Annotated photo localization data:
*** Begin section ***

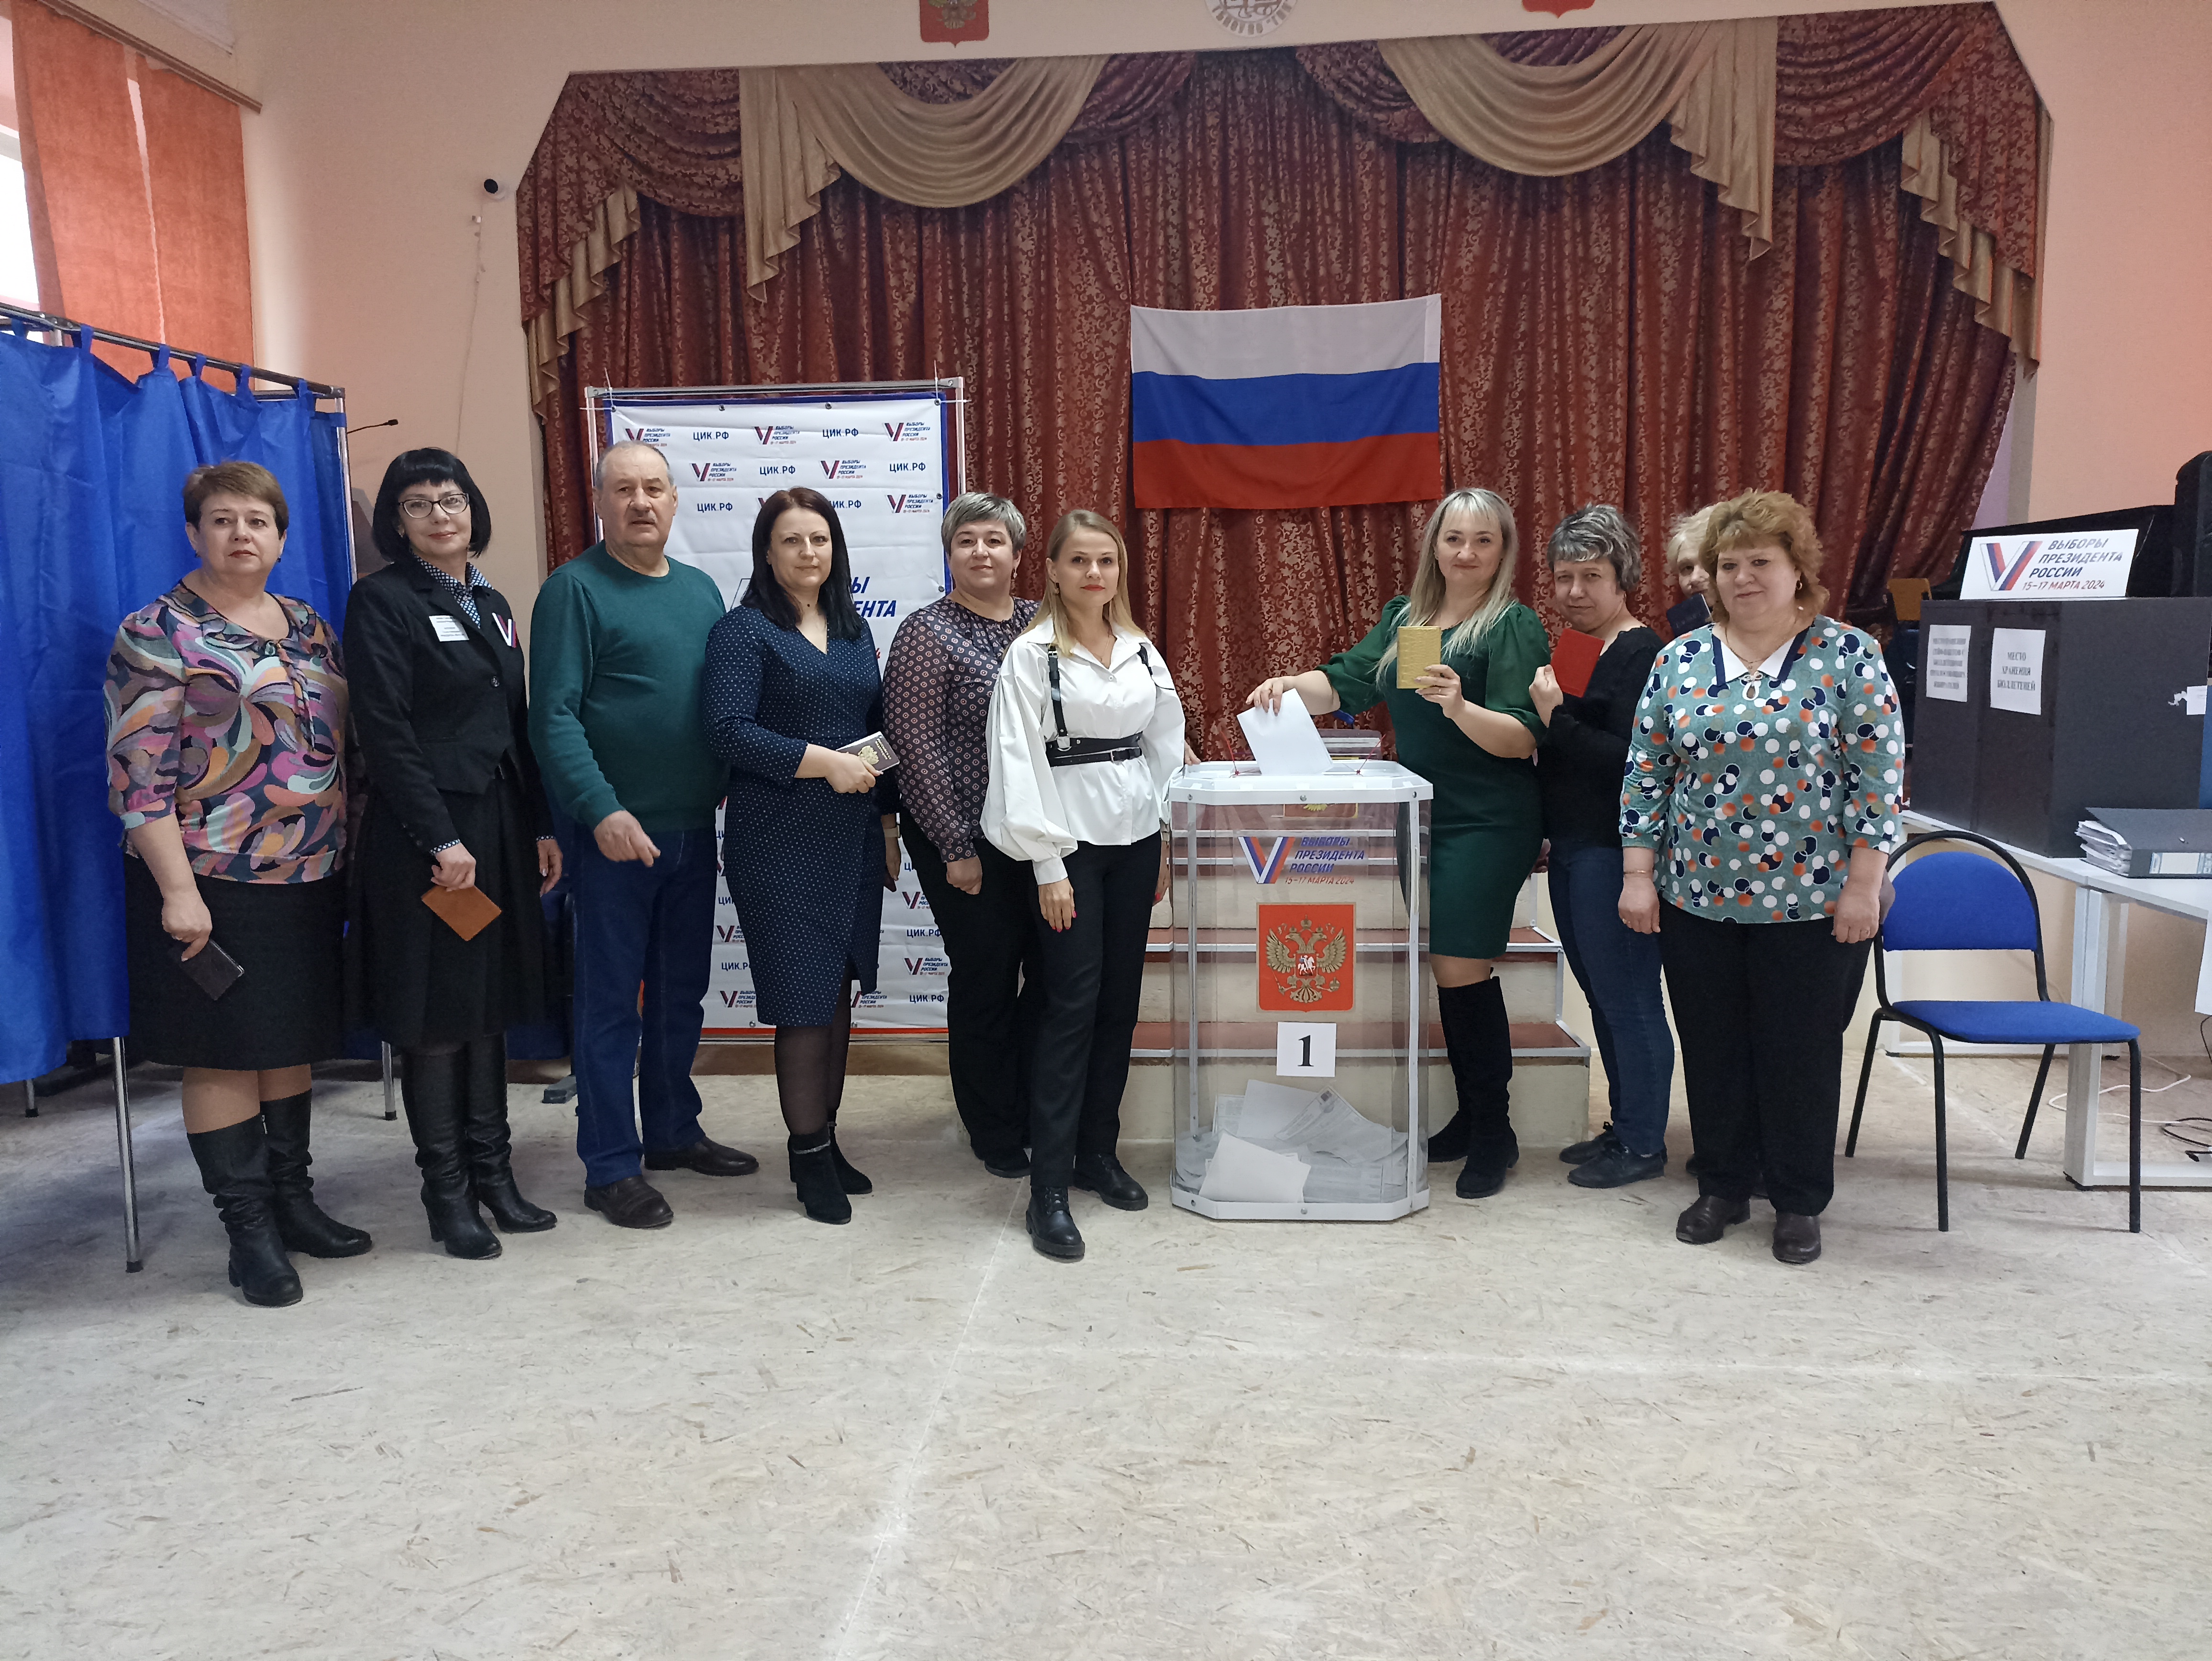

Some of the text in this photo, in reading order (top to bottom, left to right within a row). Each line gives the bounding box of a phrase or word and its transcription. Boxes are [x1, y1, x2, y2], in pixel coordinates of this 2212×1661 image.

[693, 431, 729, 441] ЦИК.РФ
[822, 428, 859, 439] ЦИК.РФ
[760, 465, 796, 476] ЦИК.РФ
[889, 462, 926, 473] ЦИК.РФ
[697, 502, 733, 513] ЦИК.РФ
[832, 500, 862, 509] ИК.РФ
[2048, 538, 2110, 550] ВЫБОРЫ
[2038, 551, 2124, 564] ПРЕЗИДЕНТА
[2029, 567, 2083, 578] РОССИИ
[2048, 581, 2080, 590] МАРТА
[2081, 580, 2105, 589] 2024
[2008, 652, 2026, 661] МЕСТО
[1300, 836, 1350, 846] ВЫБОРЫ
[1294, 850, 1364, 861] ПРЕЗИДЕНТА
[1289, 863, 1335, 873] РОССИИ
[1308, 876, 1334, 885] МАРТА
[721, 962, 749, 971] ЦИК.Р
[909, 995, 944, 1004] ЦИК.РФ
[1297, 1035, 1314, 1067] 1
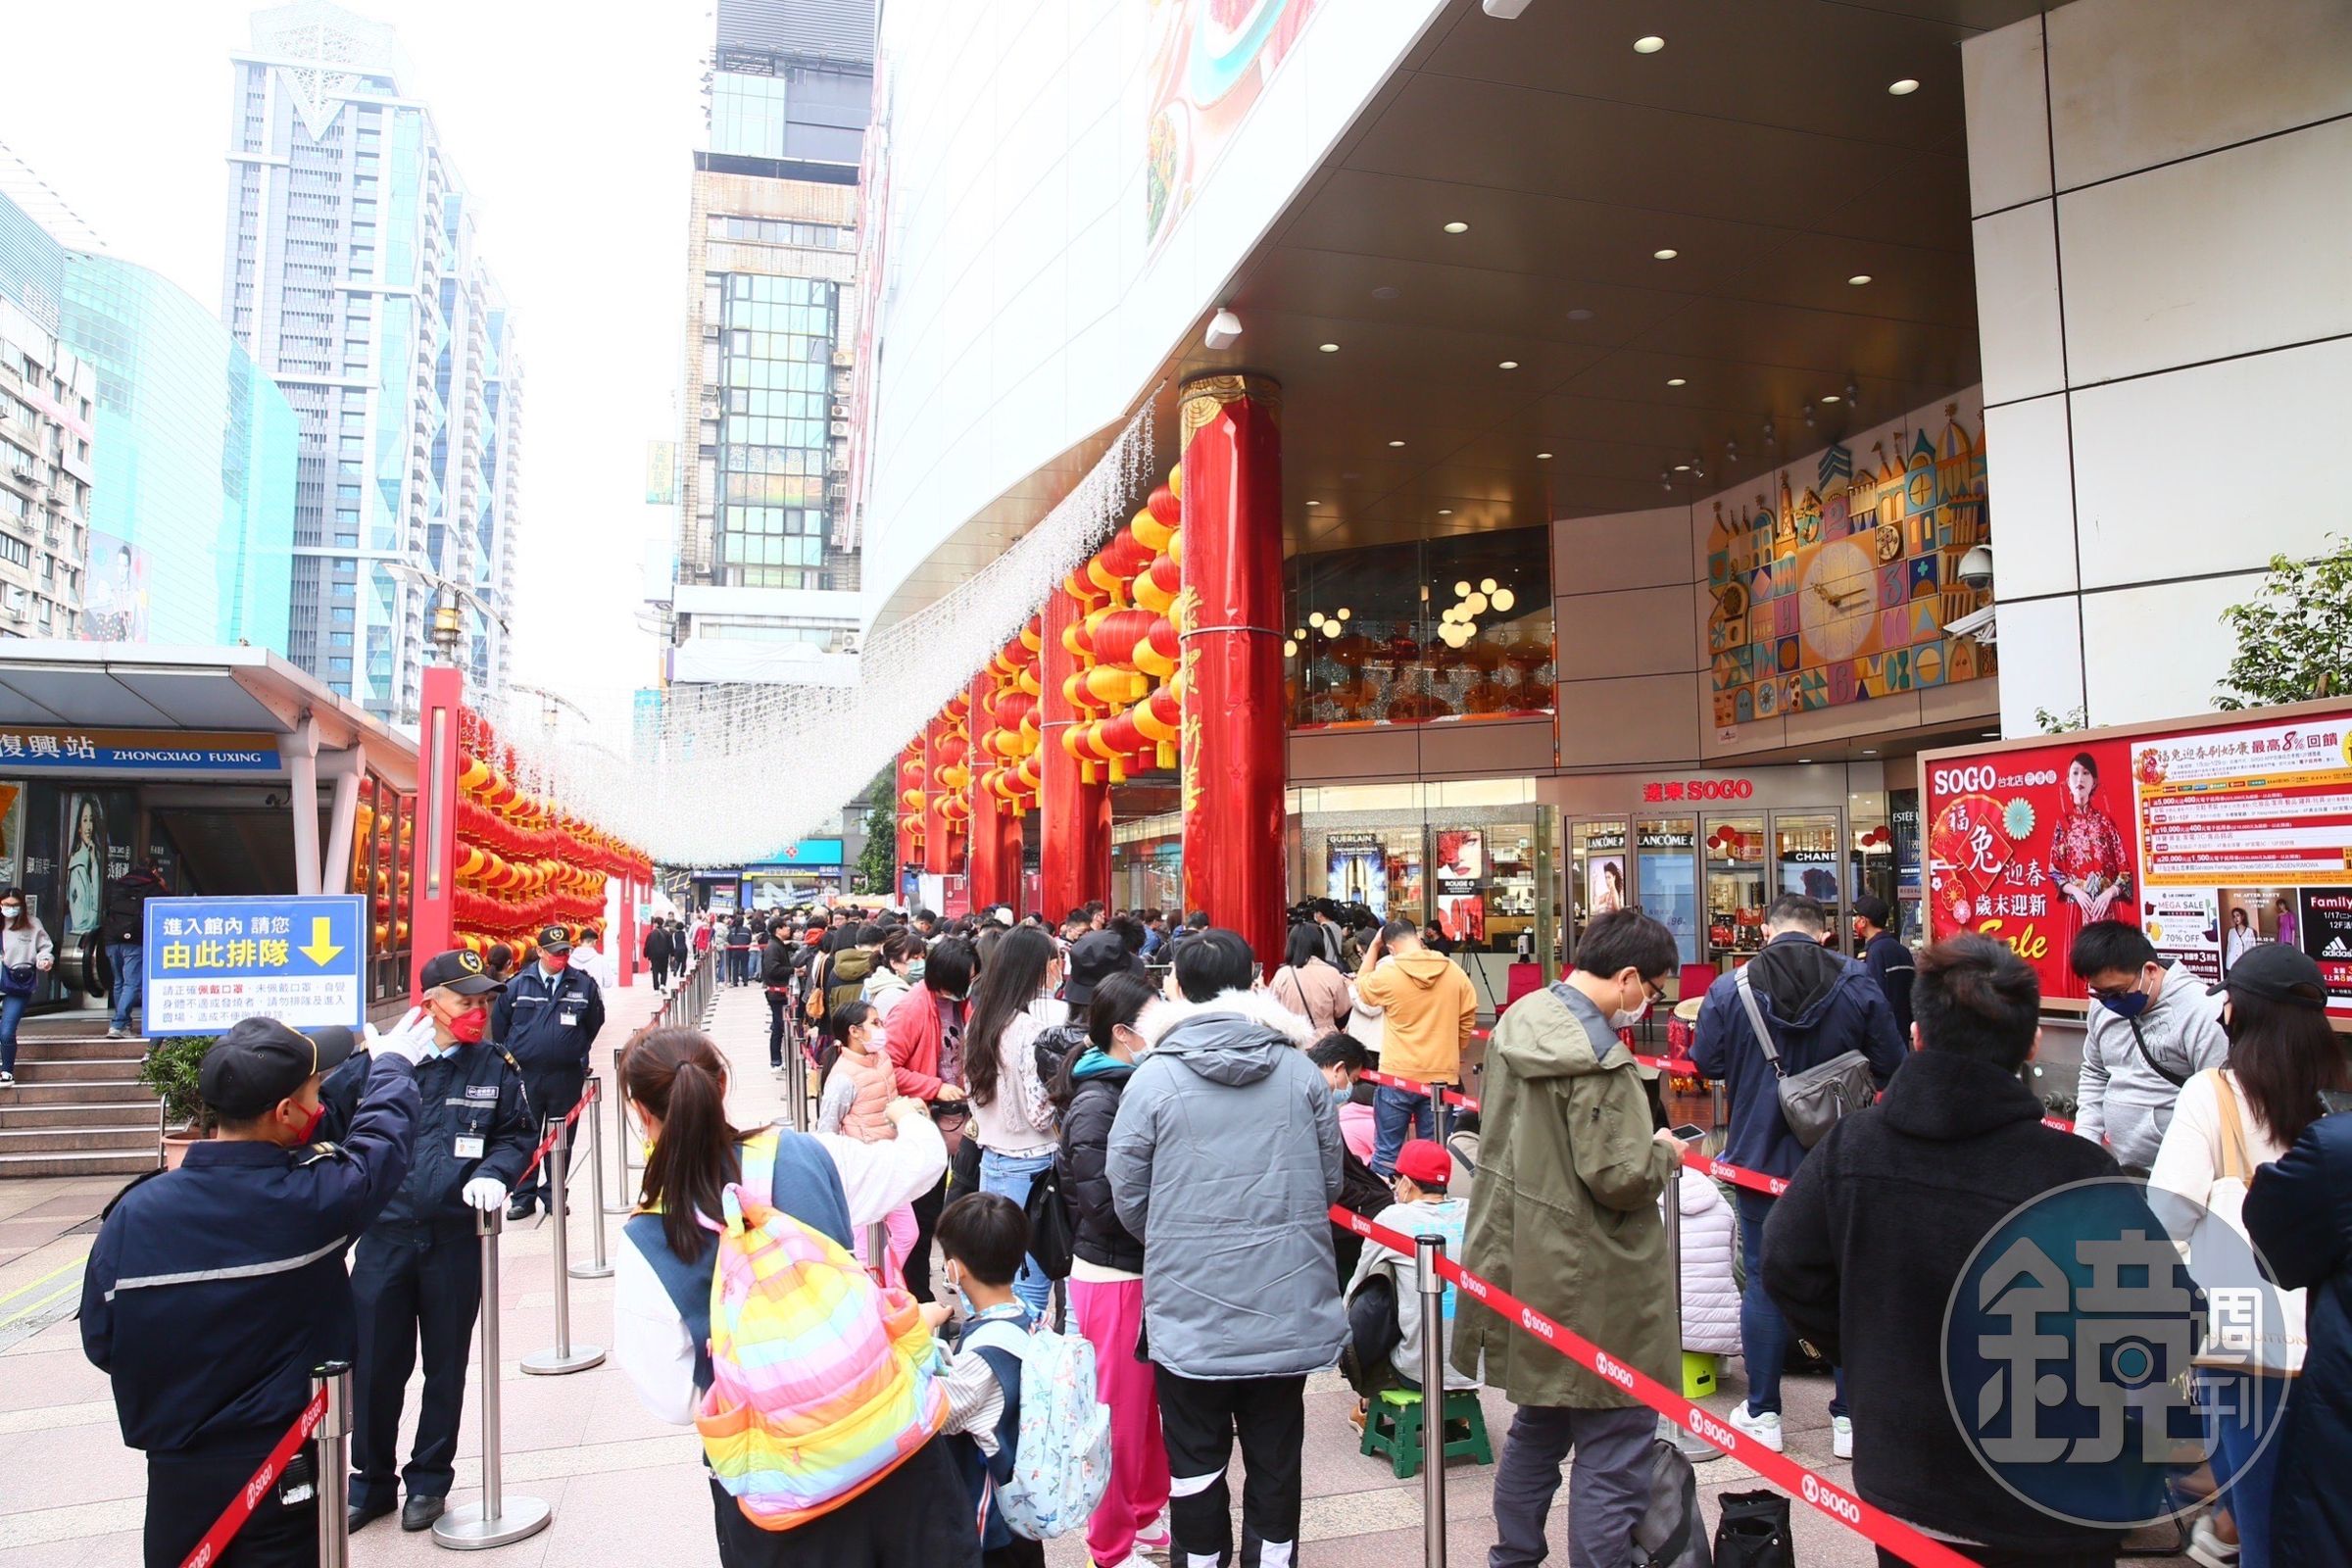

*** End section ***

• [Goal of the exercise]
An exact transcription of the data above is needed, without the pictures.

• [Exercise answer]
Some of the text in this photo, in reading order (top to bottom, left to right within a row). Each line gives the bounding box of a phrase or word and its transcription. Boxes are [x1, y1, x2, y2], in pixel coordinates of this 2212×1661 image.

[693, 431, 729, 441] ЦИК.РФ
[822, 428, 859, 439] ЦИК.РФ
[760, 465, 796, 476] ЦИК.РФ
[889, 462, 926, 473] ЦИК.РФ
[697, 502, 733, 513] ЦИК.РФ
[832, 500, 862, 509] ИК.РФ
[2048, 538, 2110, 550] ВЫБОРЫ
[2038, 551, 2124, 564] ПРЕЗИДЕНТА
[2029, 567, 2083, 578] РОССИИ
[2048, 581, 2080, 590] МАРТА
[2081, 580, 2105, 589] 2024
[2008, 652, 2026, 661] МЕСТО
[1300, 836, 1350, 846] ВЫБОРЫ
[1294, 850, 1364, 861] ПРЕЗИДЕНТА
[1289, 863, 1335, 873] РОССИИ
[1308, 876, 1334, 885] МАРТА
[721, 962, 749, 971] ЦИК.Р
[909, 995, 944, 1004] ЦИК.РФ
[1297, 1035, 1314, 1067] 1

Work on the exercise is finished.